Offene Vorkeller und Kellertreppen laden Tiere besonders im Winter dazu ein, Schutz vor Nässe und Kälte zu suchen. Damit sie problemlos auch wieder nach oben kommen, empfiehlt sich eine schmale Holzleiste am Rand der Treppe anzubringen oder durch Steine die Abstände zwischen den Treppenstufen zu verringern.

Offene Wasserstellen

Der Gartenteich ist für Tiere ein gern gesehener Wasserspender. Damit die kleine Oase nicht zur Ertrinkungsfalle wird, sollten Teiche mit einem flachen Ufer angelegt werden, so dass die Tiere beim Versuch zu trinken nicht hineinrutschen. Indem Sie zusätzlich eine Rampe anbringen, schützen Sie Ihre Haustiere und andere Kleintiere wie Igel etc. Als Rampe eignet sich z.B. ein Holzbrett, das Sie mit Querleisten versehen können. So verringern Sie die Rutschgefahr und bieten den Tieren mehr Sicherheit.

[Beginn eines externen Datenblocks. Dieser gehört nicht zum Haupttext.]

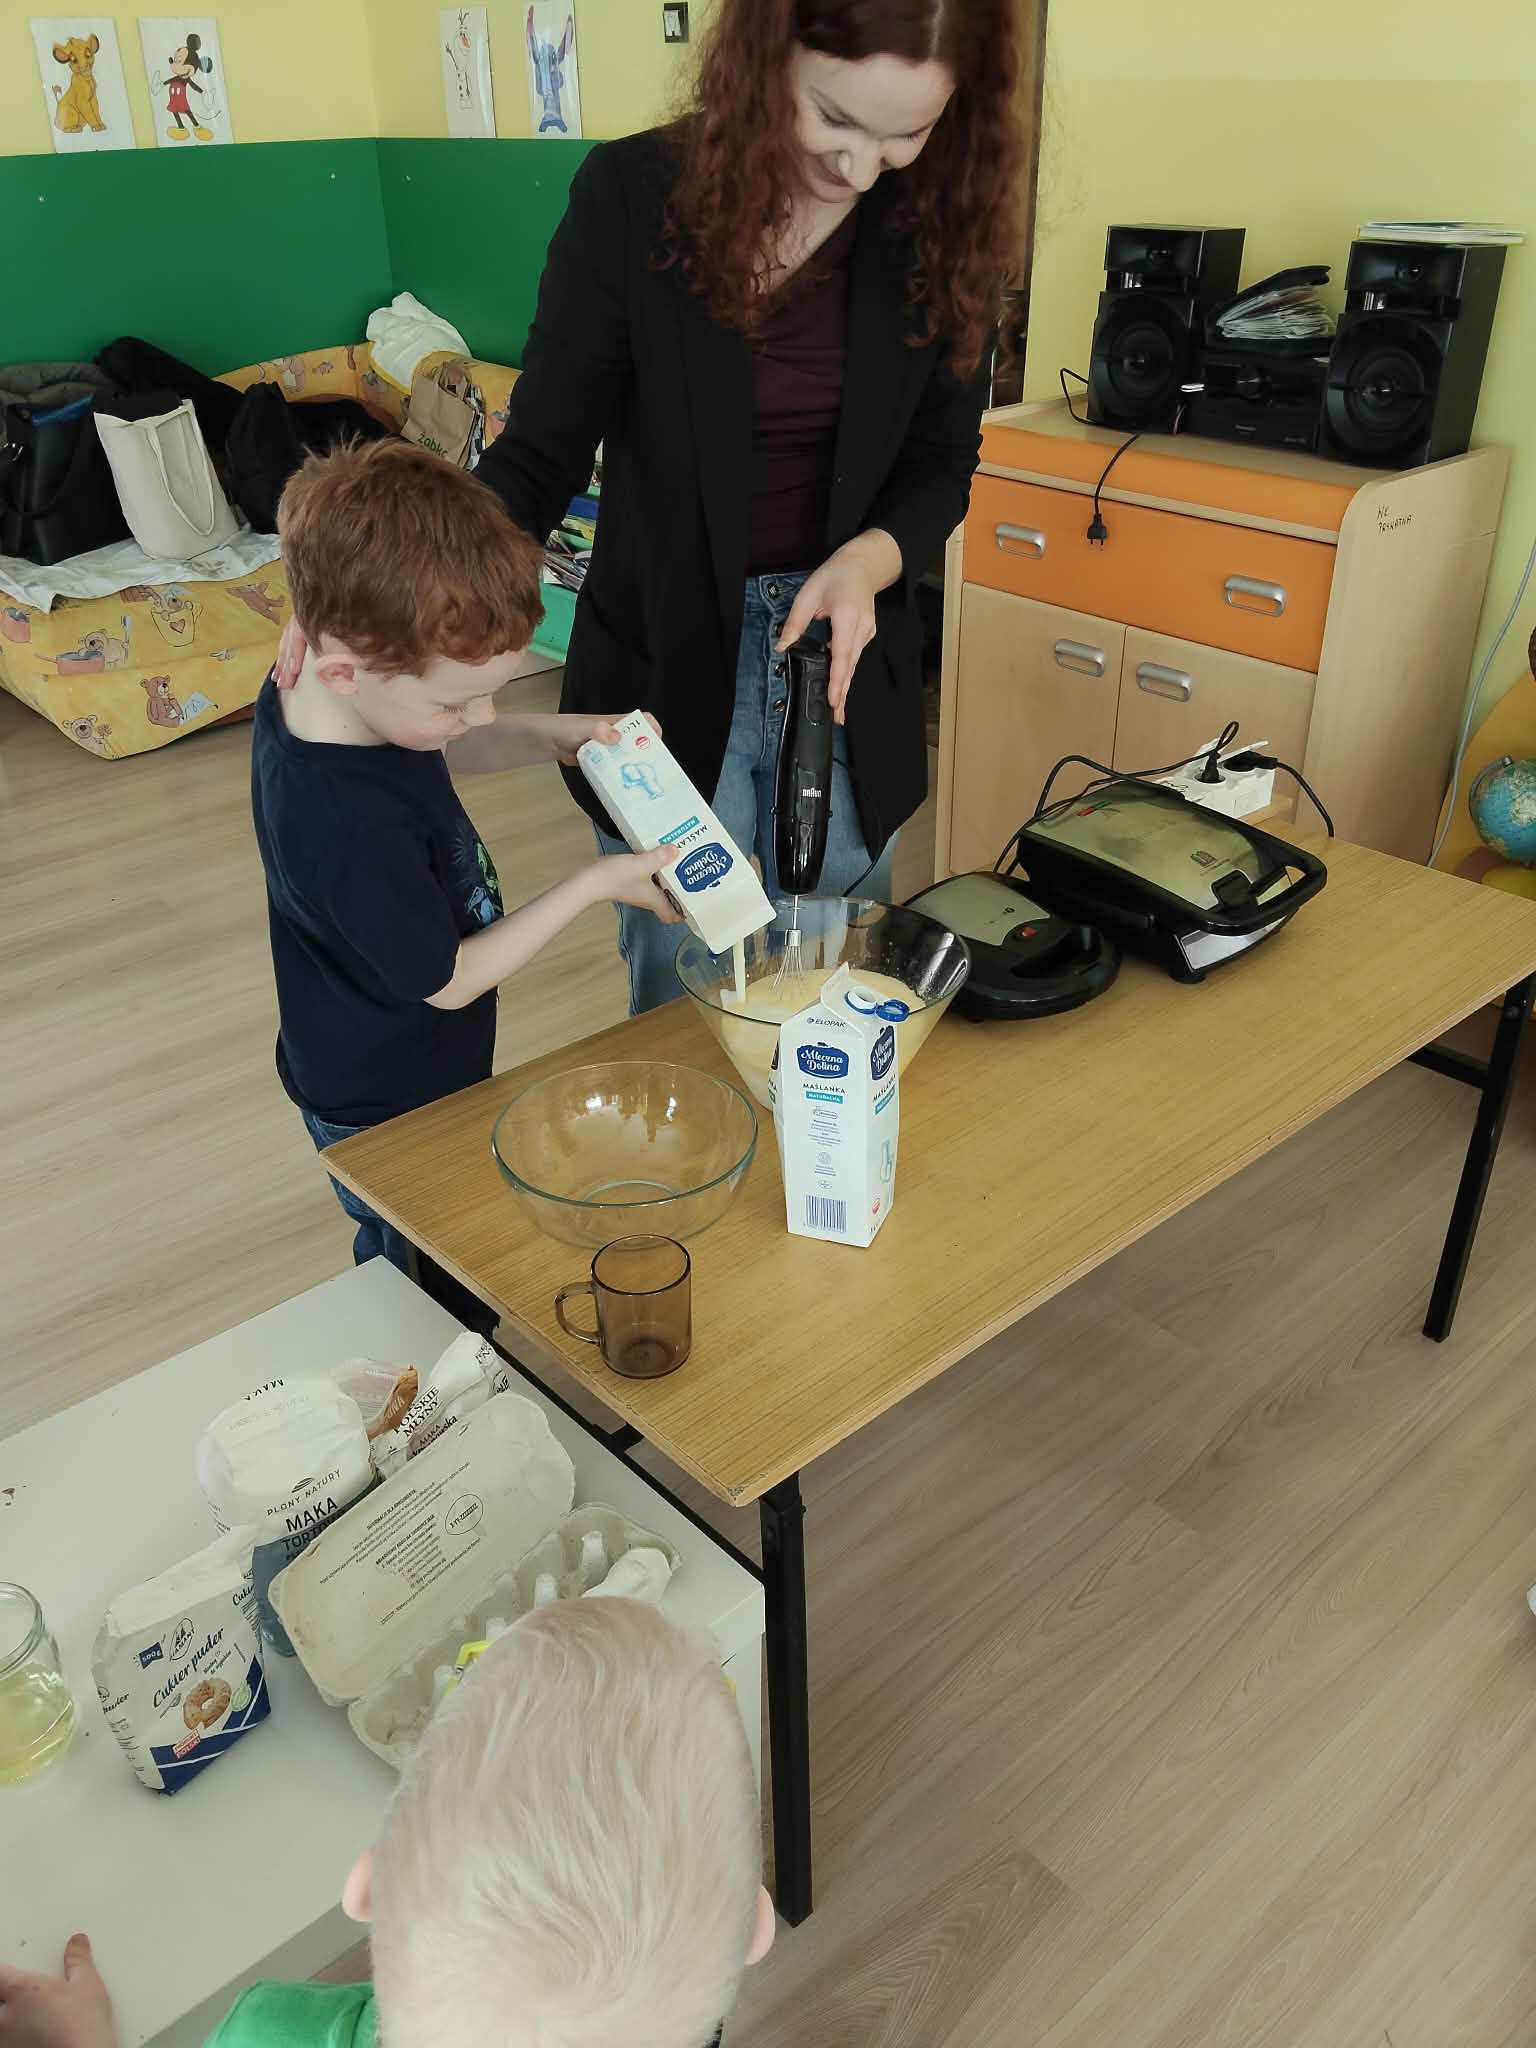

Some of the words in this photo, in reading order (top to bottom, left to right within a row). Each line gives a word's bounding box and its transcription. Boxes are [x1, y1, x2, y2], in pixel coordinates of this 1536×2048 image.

[677, 824, 709, 849] MAŚLAN
[685, 850, 719, 875] Dolina
[686, 856, 727, 885] Mleczna
[815, 1018, 847, 1028] ELOPAK
[800, 1049, 844, 1064] Mleczna
[806, 1060, 841, 1073] Dolina
[803, 1082, 846, 1094] MAŚLANKA
[266, 1496, 301, 1517] PLONY
[305, 1468, 342, 1497] NATURY
[153, 1663, 190, 1708] Cukier
[191, 1626, 225, 1673] puder

Regentonnen, Behälter und Brunnen

Eimer oder leere Blumenkübel, gefüllt mit Wasser, können ebenfalls Ertrinkungsgefahren bergen. Einmal hinein gefallen, haben die Tiere an den steilen und glitschigen Innenwänden kaum eine Chance sich zu retten. Achten Sie deshalb darauf, Behälter möglichst abzudecken oder schräg zu legen.

Vogelschutz

Um das eigene Grundstück abzugrenzen wird oft zu Stacheldraht und Weidezaun gegriffen. Besonders größere Vögel und Greifvögel gehören zu den Opfern dieser gefährlichen Einzäunungen. Sie verfangen sich mit Ihren Flügeln an den Widerhaken und verletzen sich oft grausam beim Befreiungsversuch, der in den meisten Fällen unglücklich ausgeht.

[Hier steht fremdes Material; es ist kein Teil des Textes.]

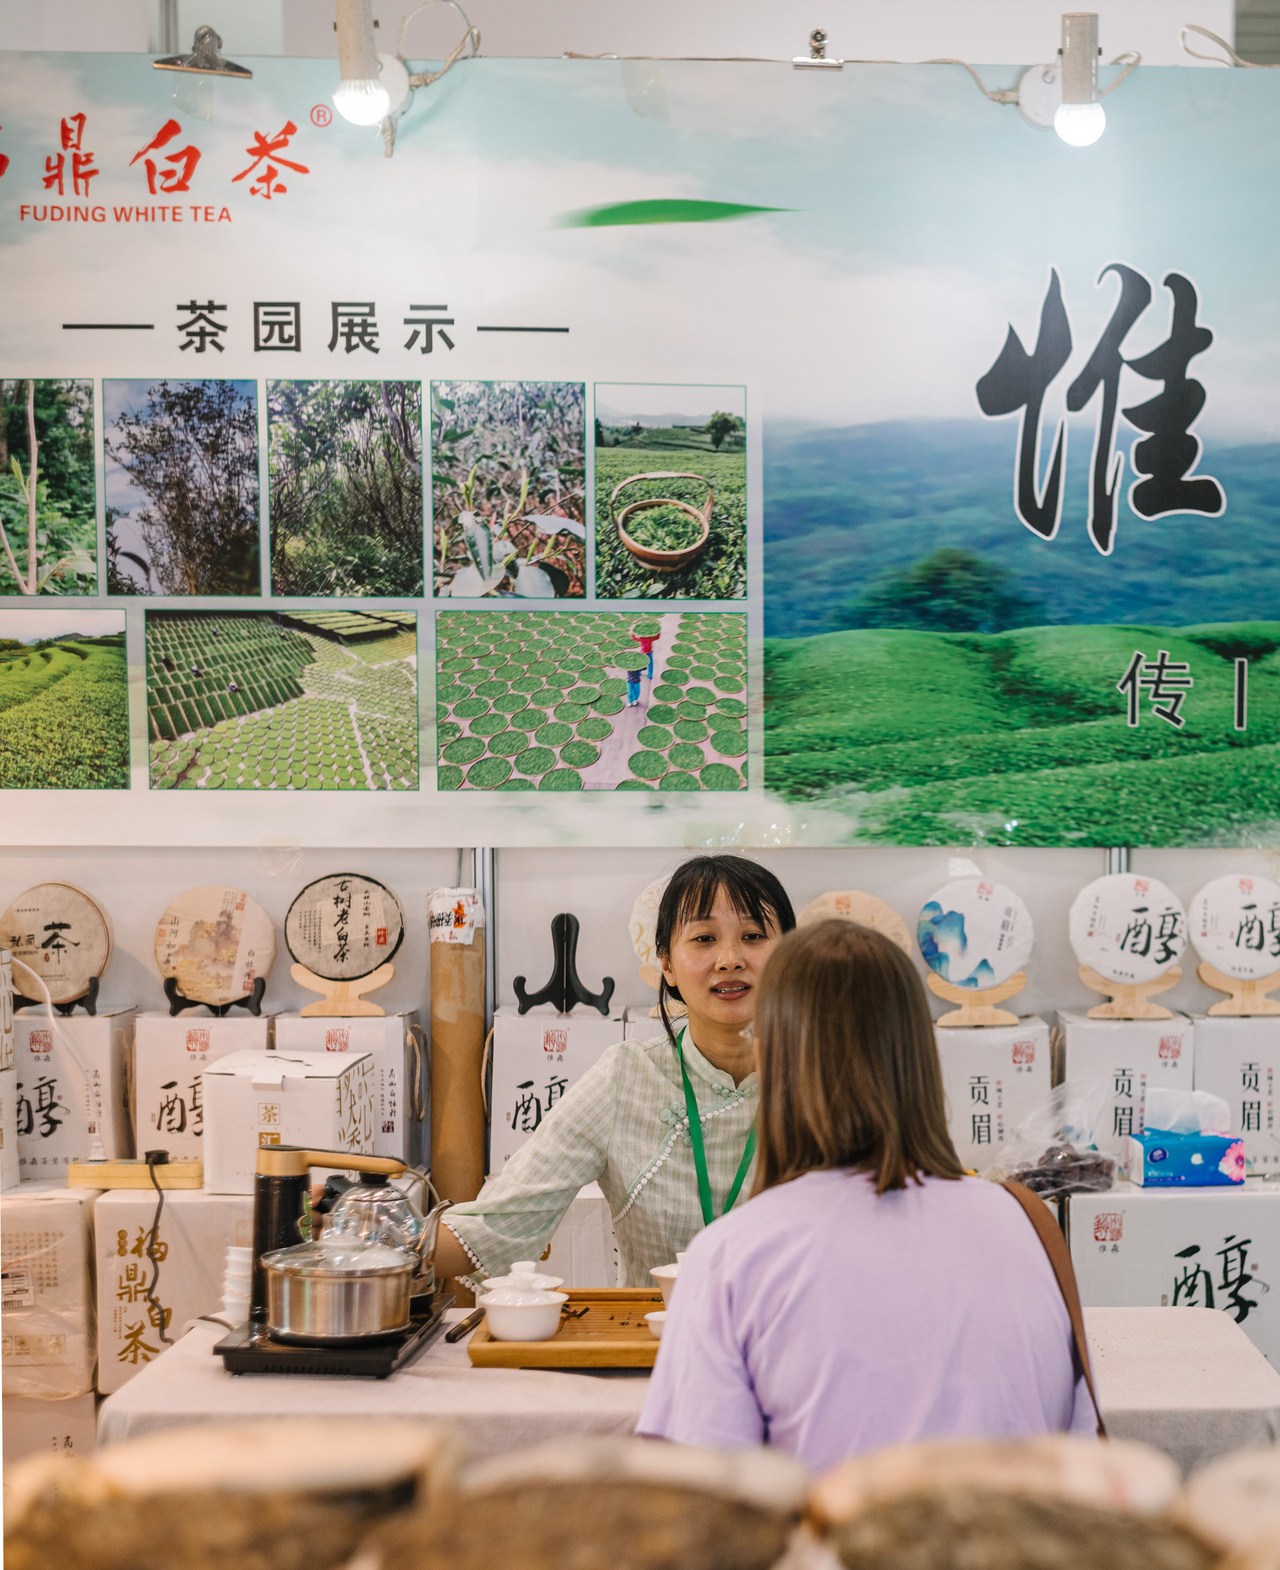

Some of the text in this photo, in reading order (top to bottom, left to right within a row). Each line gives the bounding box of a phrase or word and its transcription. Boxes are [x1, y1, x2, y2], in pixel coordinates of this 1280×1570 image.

Glasfassaden, Terrassentüren

Große Glasfassaden und Fenster werden Vögeln immer wieder zum Verhängnis. Um Unfälle zu vermeiden, sollten sie flächendeckend mit einem Muster versehen werden. Die allseits bekannten schwarzen Vogel-Silhouetten helfen in vielen Fällen nicht. Eine wirkungsvolle Markierung sollte aus kontrastierenden, mindestens zwei Zentimeter breiten Streifen bestehen, die senkrecht angeordnet aufgemalt, aufgeklebt oder eingefräst werden kann. Der Abstand zwischen den Streifen sollte zehn Zentimeter nicht überschreiten. Hilfreich ist auch, die Scheiben von innen mit Jalousien, Gardinen oder Rollos so abzuhängen, dass die Vögel sie wahrnehmen können.